Arnold Schwarzenegger, the Governor of California, wants the state’s schoolchildren to ditch their textbooks and read the source material for their homework online instead - not to make it easier for lazy students to paste slabs of text straight from books into their essays, but because California can no longer afford them.

In a plot more improbable even than the storyline of his movies, Mr Schwarzenegger has led what would be the world’s eighth-biggest economy, were California a separate country, to the brink of bankruptcy. Ditching textbooks is part of a plan to clip $1.35 billion from the state’s annual $9 billion bill for goods and services, and so shrink California’s $24.3 billion budget deficit.

Though fiscal necessity played midwife to his innovation, Mr Schawarzegger may have stumbled on an educational breakthrough, albeit by an accidental route. The day of the printed book may, anyway, be waning. State officials say that a textbook costs $75 to $100. Digital equivalents (California is already evaluating free online texts for maths and science) are not only cheaper, they more closely echo how children trawl for information. Digital textbooks are more easily updated. And you can, say, read about a science experiment and then watch a video demonstration.

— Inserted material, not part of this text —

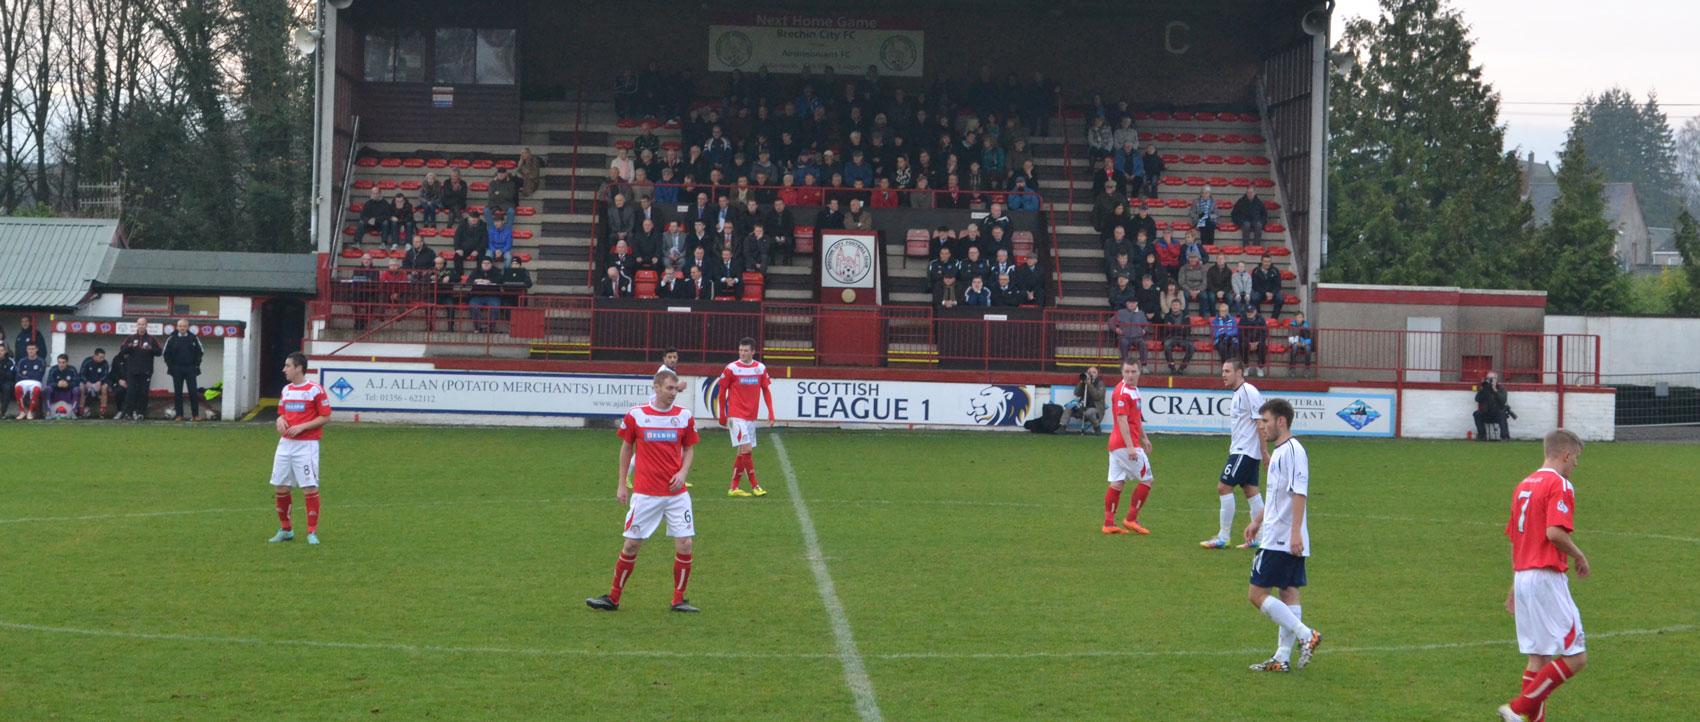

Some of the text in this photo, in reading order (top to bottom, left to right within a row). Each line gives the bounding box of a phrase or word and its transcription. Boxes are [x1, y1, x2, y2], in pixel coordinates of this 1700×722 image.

Mr Schwarzenegger argues that frequently updated digital textbooks will make California’s students smarter and boost their chances of success in life. Alternatively they could do it the old-fashioned way, as outlined by Mr Schwarzenegger on The Tonight Show a fortnight ago. He joked to Jay Leno that, when advising some California university students on how to get on, “I told them to work like hell and marry a Kennedy”.